The above is true and correct in every particular.

In other cases again some subliminal sense of smell may be conjectured. Tactile sensibility, too, must be carefully allowed for. The sense of varying resistance in the air may reach in some seeing persons, as well as in the blind, a high degree of acuteness.

But there are cases of sudden motor inhibition where no warning can well have been received from hyperaesthetic sensation, where we come, as it seems, to telaesthesia or to spirit guardianship.

(From Proceedings, S. P. R., vol. xi, p. 459.)

Four years ago, I made arrangements with my nephew, John W. Parsons, to go to my office after supper to investigate a case. We walked along together, both fully determined to go up into the office, but just as I stepped upon the doorsill of the drug store, in which my office was situated, some invisible influence stopped me instantly. I was much surprised, felt like I was almost dazed, the influence was so strong, almost like a blow, I felt like I could not make another step. I said to my nephew, 'John, I do not feel like going into the office now; you go and read Flint and Aitken on the subject.' He went, lighted the lamp, took off his hat, and just as he was reaching for a book the report of a large pistol was heard. The ball entered the window near where he was standing, passed near to and over his head, struck the wall and fell to the floor. Had I been standing where he was, I would have been killed, as I am much taller than he. The pistol was fired by a man who had an old grudge against me, and had secreted himself in a vacant house near by to assassinate me.

This impression was unlike any that I ever had before. All my former impressions were slow in their development, grew stronger and stronger, until the maximum was reached. I did not feel that I was in any danger, and could not understand what the strong impression meant. The fellow was drunk, had been drinking for two weeks. If my system had been in a different condition - I had just eaten supper - I think I would have received along with the impression some knowledge of the character of the danger, and would have prevented my nephew from going into the office.

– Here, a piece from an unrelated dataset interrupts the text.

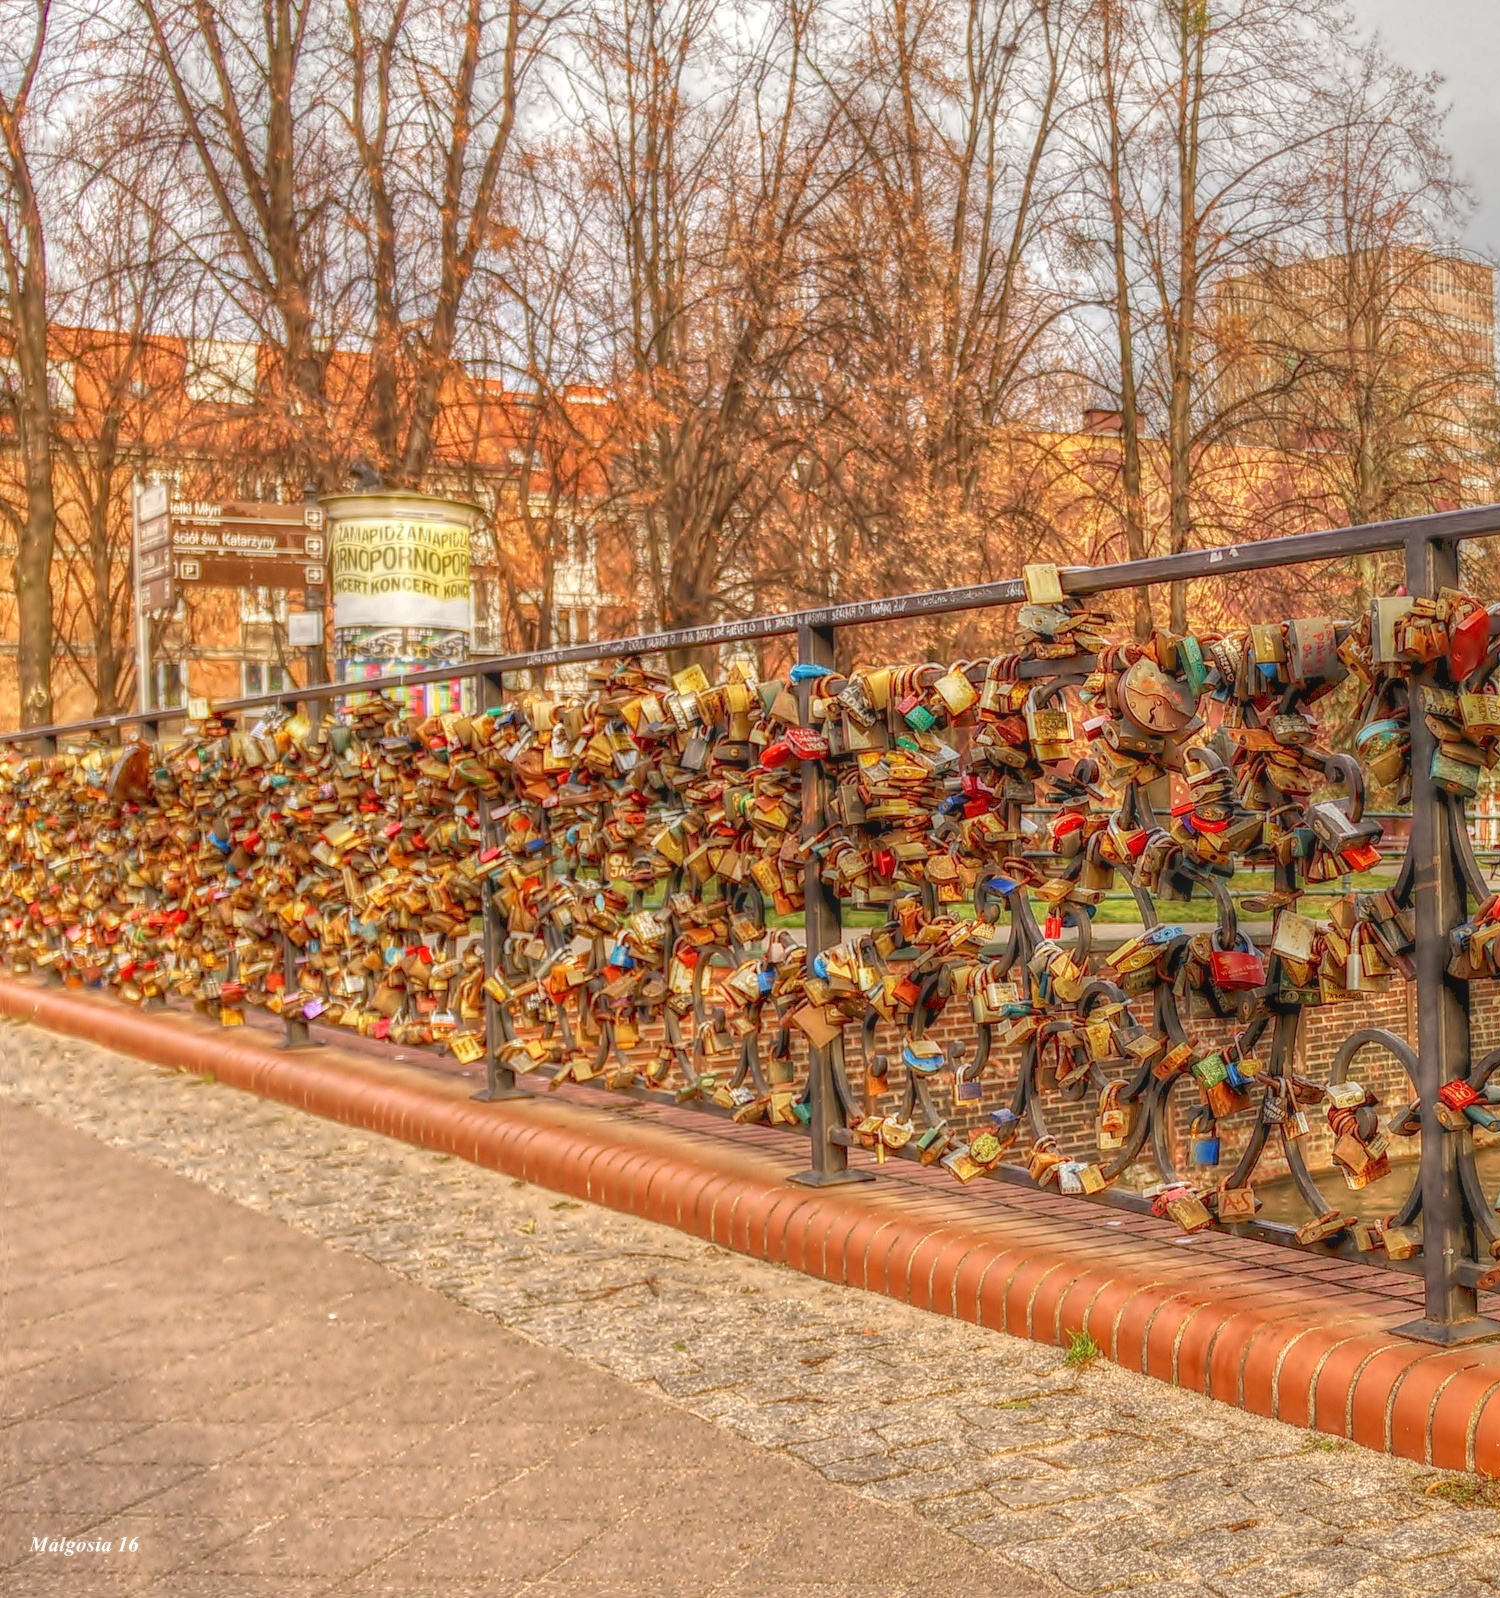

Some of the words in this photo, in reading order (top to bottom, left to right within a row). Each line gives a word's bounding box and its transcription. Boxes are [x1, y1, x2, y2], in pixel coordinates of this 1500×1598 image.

[170, 502, 193, 515] ielki
[173, 531, 199, 544] ściół
[222, 533, 277, 549] Katarzyny
[370, 576, 439, 597] KONCERT

I am fully satisfied that the invisible and unknown intelligence did the best that could have been done, under the circumstances, to save us from harm.

D. J. PARSONS, M. D., Sweet Springs, Mo.

(The above account was received in a letter from Dr. D. J. Parsons, dated December 15th, 1891.)

Statement of Dr J. W. PARSONS

About four years ago my uncle, Dr D. J. Parsons, and I were going to supper, when a man halted us and expressed a desire for medical advice. My uncle requested him to call the next morning, and as we walked along he said the case was a bad one and that we would come back after supper and go to the office and examine the authorities on the subject. After supper we returned, walked along together on our way to the office, but just as we reached the door of the drug store he very unexpectedly, to me, stopped suddenly, which caused me to stop too; we stood there together a few seconds, and he remarked to me that he did not feel like going into the office then, or words to that effect, and told me to go and examine Flint and Aitken. I went, lit the lamp, and just as I was getting a book, a pistol was fired into the office, the ball passing close to my head, struck the east wall, then the north, and fell to the floor.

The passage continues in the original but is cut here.